The result of this is that, in some cases, middle-aged personnel, and younger, return, unexpectedly and without anticipating it, to a labour market for which they are unprepared. The disability for which they were discharged might restrict opportunities for future employment. And, being discharged early, they have not gained marketable skills which would enable them to take up a useful place in the civilian labour market. The impression gained is that, despite efforts to improve transition management, training for work force re-entry is at best inadequate.

If skills are obtained, military personnel can benefit enormously from a service career. If not, then at discharge they are certainly in limbo. It is perhaps unfortunate that the latter impression is so strong. Recruitment, therefore, might also depend on this impression. Added to this is a second policy tenet which prevents deployment within the services to civilian and clerical jobs. This effectively makes discharge earlier, easier and more frequent. This in turn affects the retention rate. The whole debate about retention, training and discharge is, as one would expect, complex.

Some say the current controversy over military justice crystallised an unfavourable attitude towards a defence career. If so, it is a most unfortunate downside, but the remedy is obvious, if the government is serious. The government simply needs to acknowledge the veracity of the findings of the Senate inquiry into military justice. The diminution of the reputation of, and lack of respect for, our military personnel which have flowed from this inquiry are most unfortunate.
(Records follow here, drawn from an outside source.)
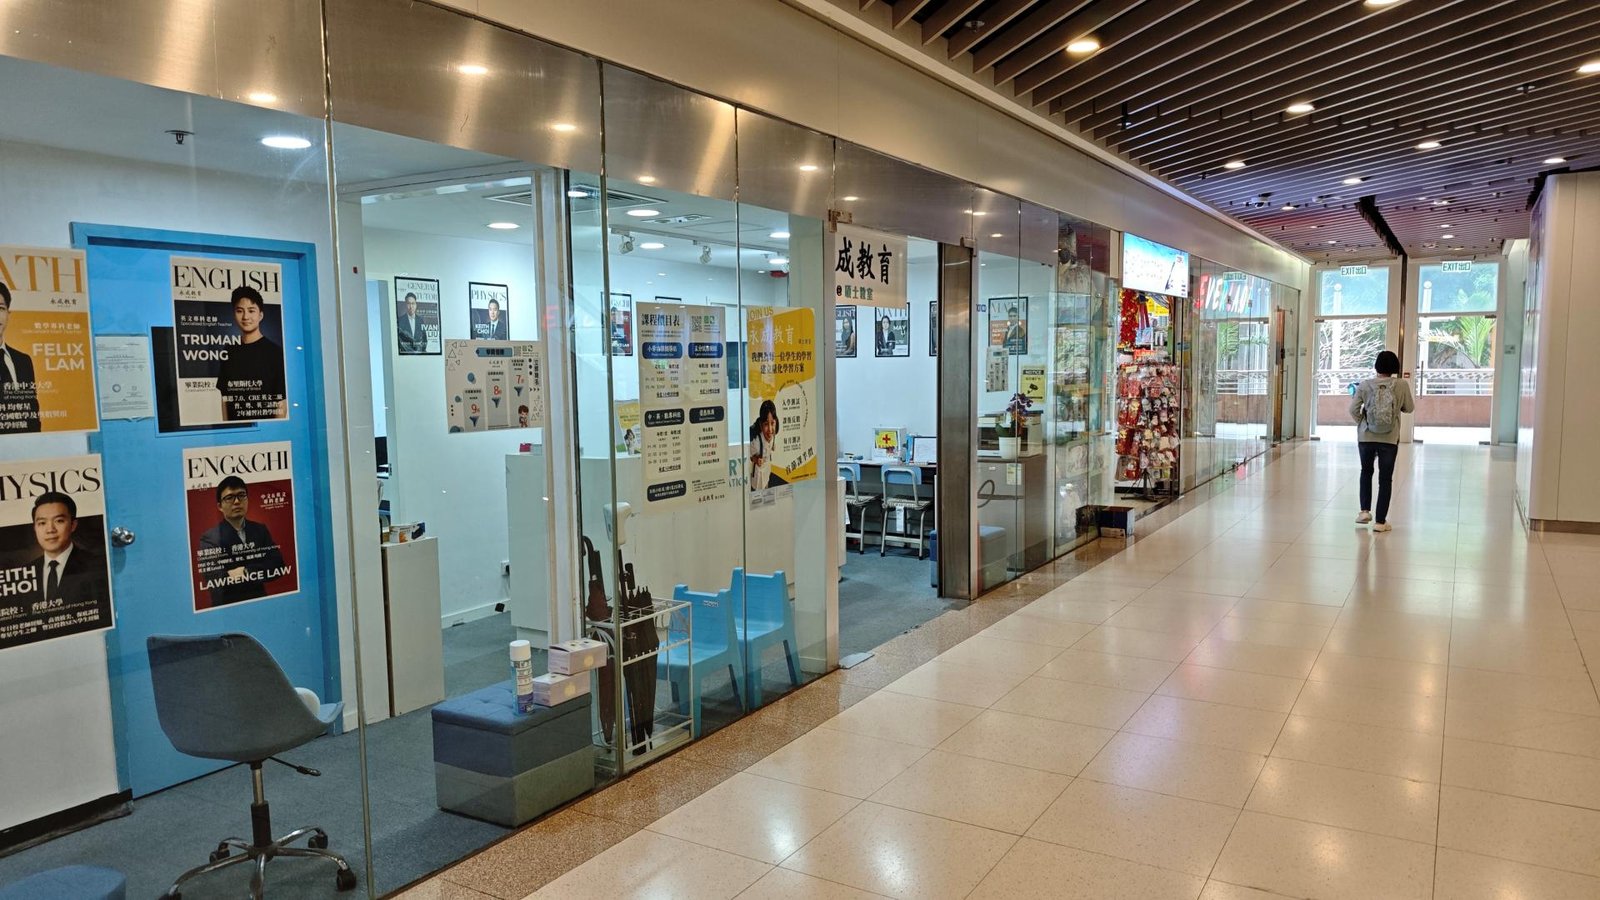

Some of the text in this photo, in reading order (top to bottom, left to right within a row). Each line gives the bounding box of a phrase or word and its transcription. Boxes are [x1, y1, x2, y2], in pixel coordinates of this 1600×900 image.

[835, 236, 892, 285] 成教育
[173, 264, 280, 292] ENGLISH
[641, 313, 680, 327] 課程價目表
[181, 334, 242, 345] TRUMAN
[32, 342, 84, 357] FELIX
[182, 350, 229, 361] WONG
[45, 358, 85, 371] LAM
[4, 381, 53, 391] 香港中文大學
[188, 450, 288, 479] ENG&CHI
[200, 570, 264, 590] LAWRENCE
[266, 565, 292, 578] LAW
[0, 578, 38, 597] HOI
[32, 598, 63, 611] 香港大學
The reputation of those personnel needs to be restored as a matter of priority, and that is entirely in the hands of the government and more senior personnel within the Australian defence forces.
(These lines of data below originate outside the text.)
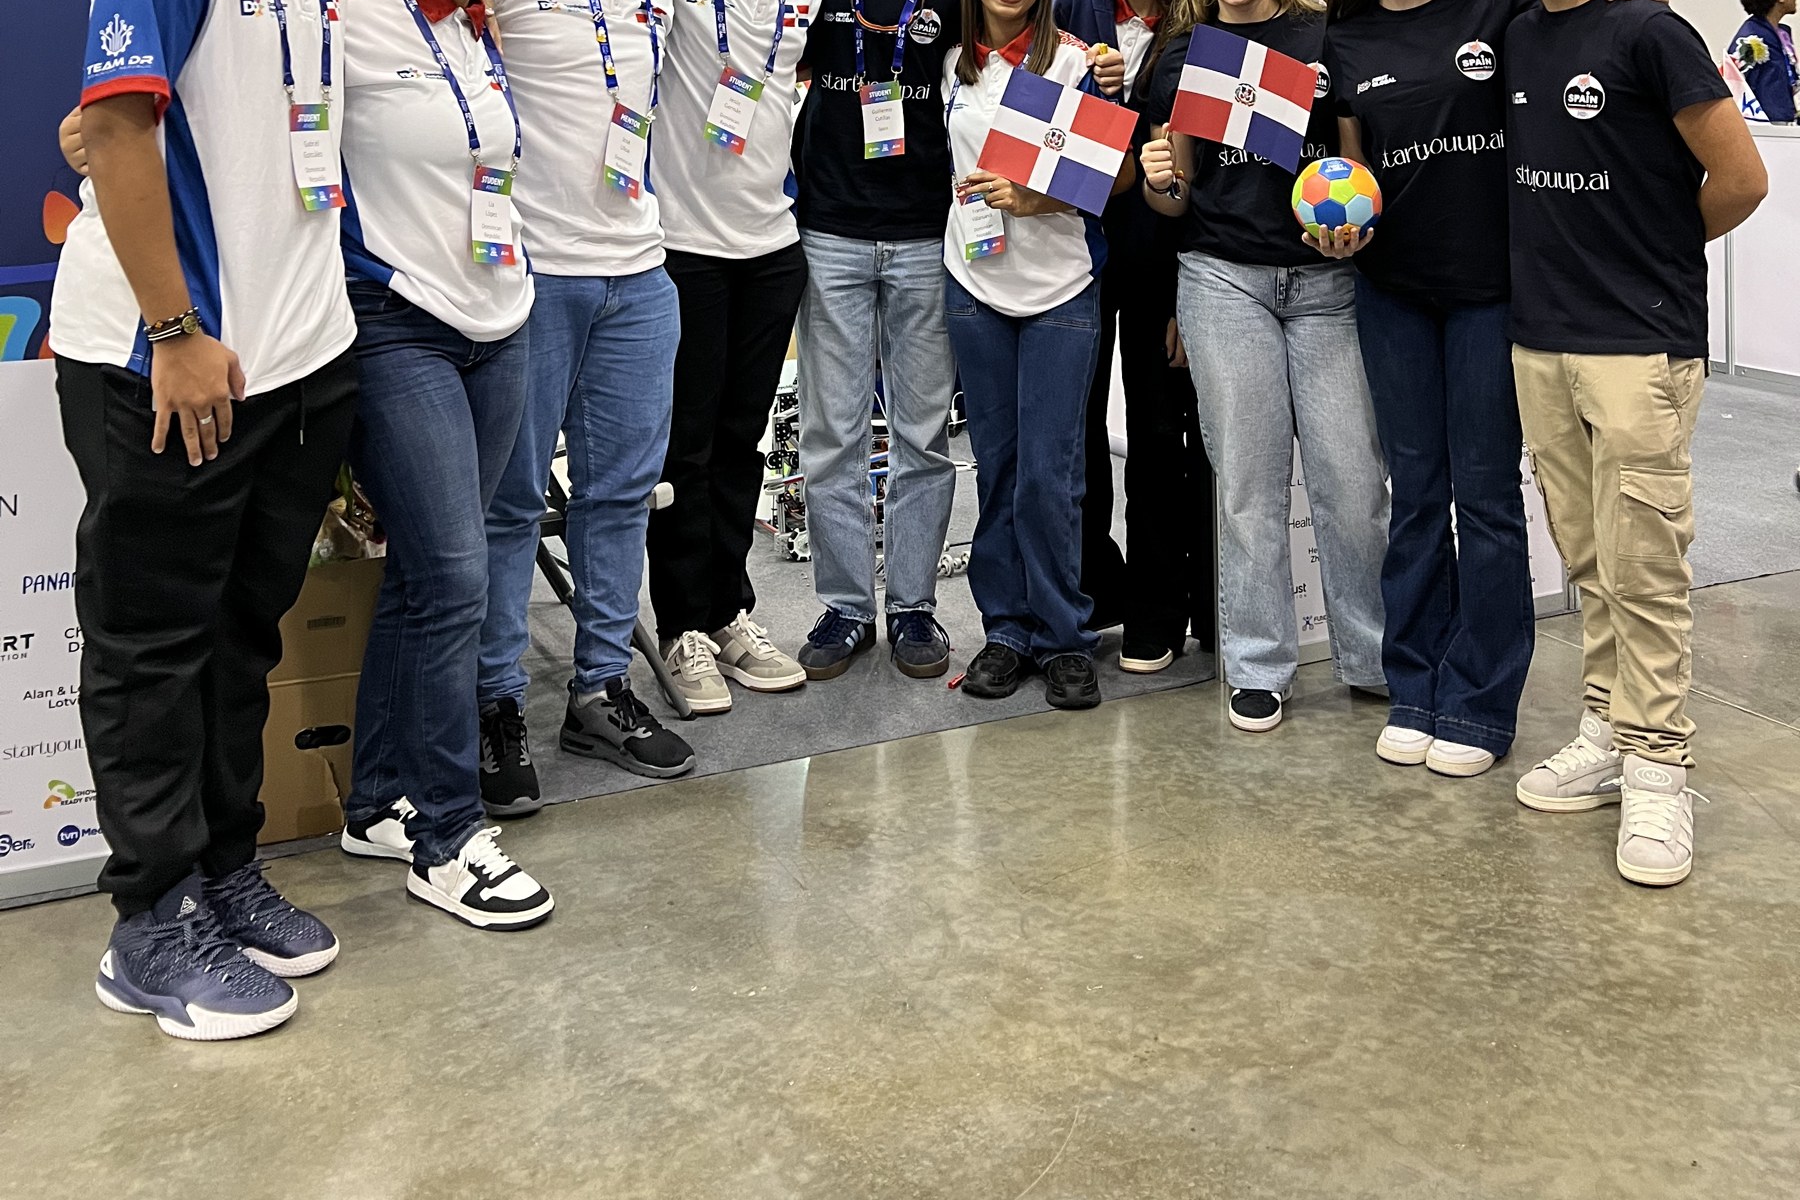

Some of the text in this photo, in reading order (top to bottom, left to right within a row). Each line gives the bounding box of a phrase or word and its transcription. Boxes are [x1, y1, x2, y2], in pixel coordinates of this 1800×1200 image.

[912, 22, 938, 34] SPAIN
[86, 56, 125, 75] TEAM
[127, 55, 154, 65] DR
[1461, 54, 1493, 68] SPAIN
[729, 76, 753, 92] STUDENT
[869, 89, 892, 99] STUDENT
[1567, 90, 1599, 105] SPAIN
[620, 113, 641, 130] MENTOR
[481, 175, 505, 187] STUDENT
[23, 688, 53, 701] Alan
[57, 686, 66, 696] &
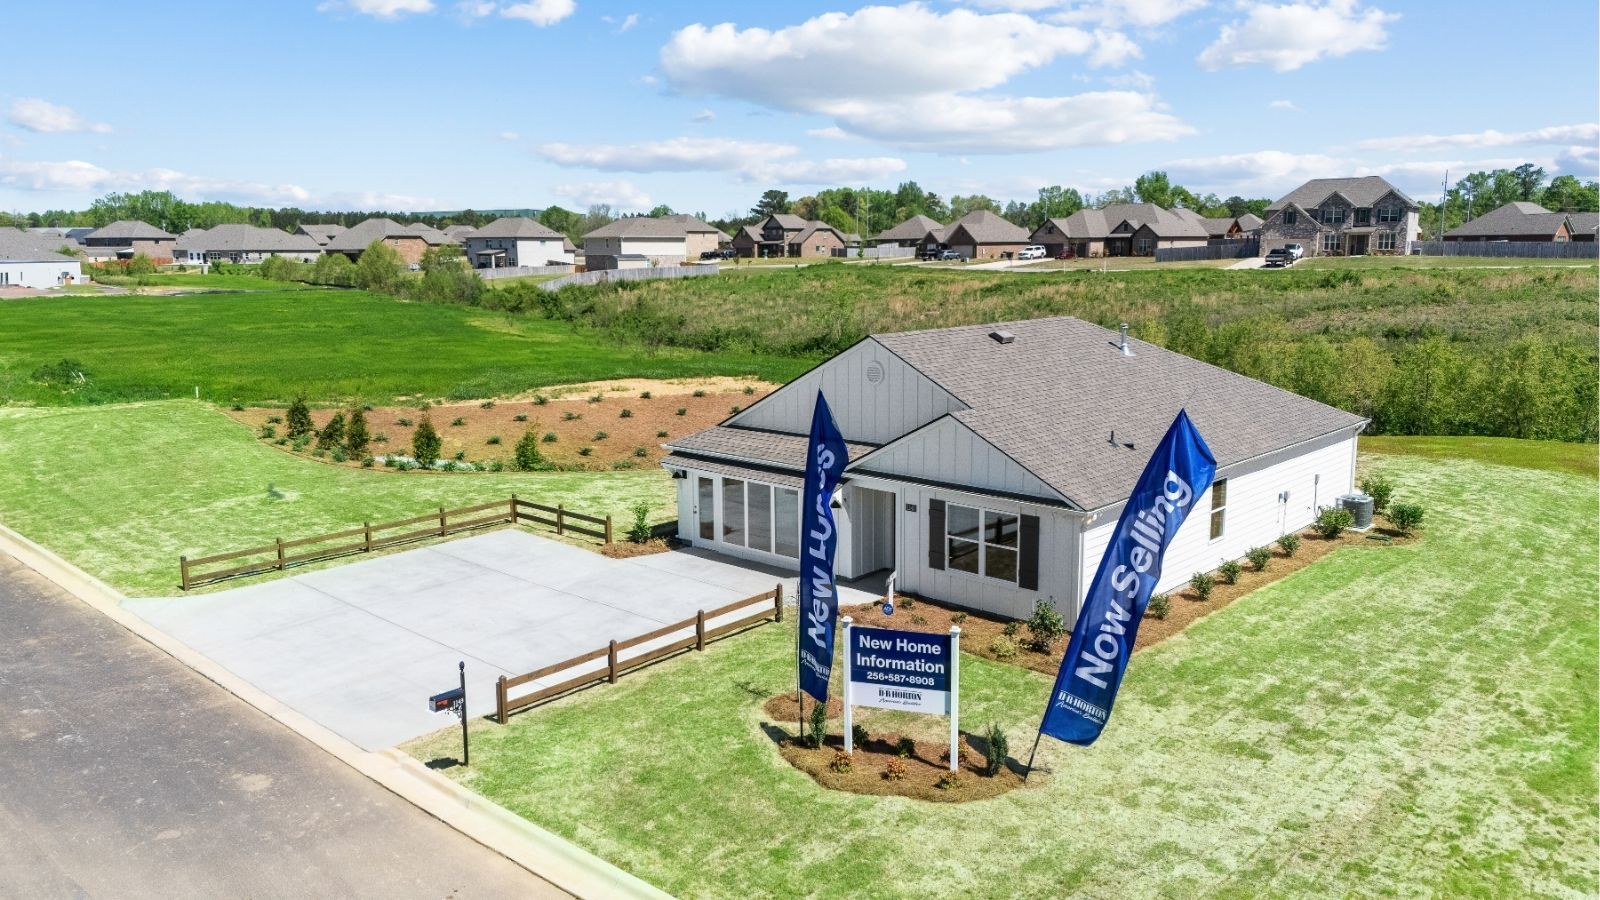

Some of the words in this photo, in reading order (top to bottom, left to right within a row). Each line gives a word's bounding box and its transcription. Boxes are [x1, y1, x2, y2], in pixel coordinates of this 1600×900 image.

[1074, 599, 1133, 689] Now
[1111, 470, 1193, 599] Selling
[808, 566, 833, 649] New
[856, 652, 945, 674] Information
[859, 634, 892, 650] New
[896, 638, 941, 655] Home
It also needs saying that modern perceptions of risk are changing. Defence service can entail risk—and sometimes significant risk—to life and limb. In making a choice in a wider and more sophisticated labour market, that risk is logically and properly a consideration for those seeking to enter into a career in the defence forces. Public controversy about the merit of various deployments may, one suggests, be part of that. It is interesting to consider the debate about the deployment to East Timor, under the flag of the United Nations, and the debate that has followed the location of troops in Iraq. We know that in the United States, for example, the increasing body count from Iraq shown on the evening news is making recruitment into the services there quite difficult. Putting one’s life on the line in a national emergency is one thing; doing the same for another country’s emergency, outside the authority of the United Nations, is clearly a different matter.

We note that there has been other speculation, including the potential for recruitment overseas. This idea is not unique to the ADF; it is something many in industry are actively pursuing. It is also suggested that there is a need to pay greater attention to the ethnic communities. These communities are generally considered to be underrepresented in the defence forces. It is said, for example, that the ADF is predominantly a white, Anglo-Saxon community. That is another issue worthy of consideration. Recruitment to the ADF is a matter of continuing importance. This is particularly the case at this time of higher levels of readiness. We will watch this debate, as it unfolds, with continuing interest.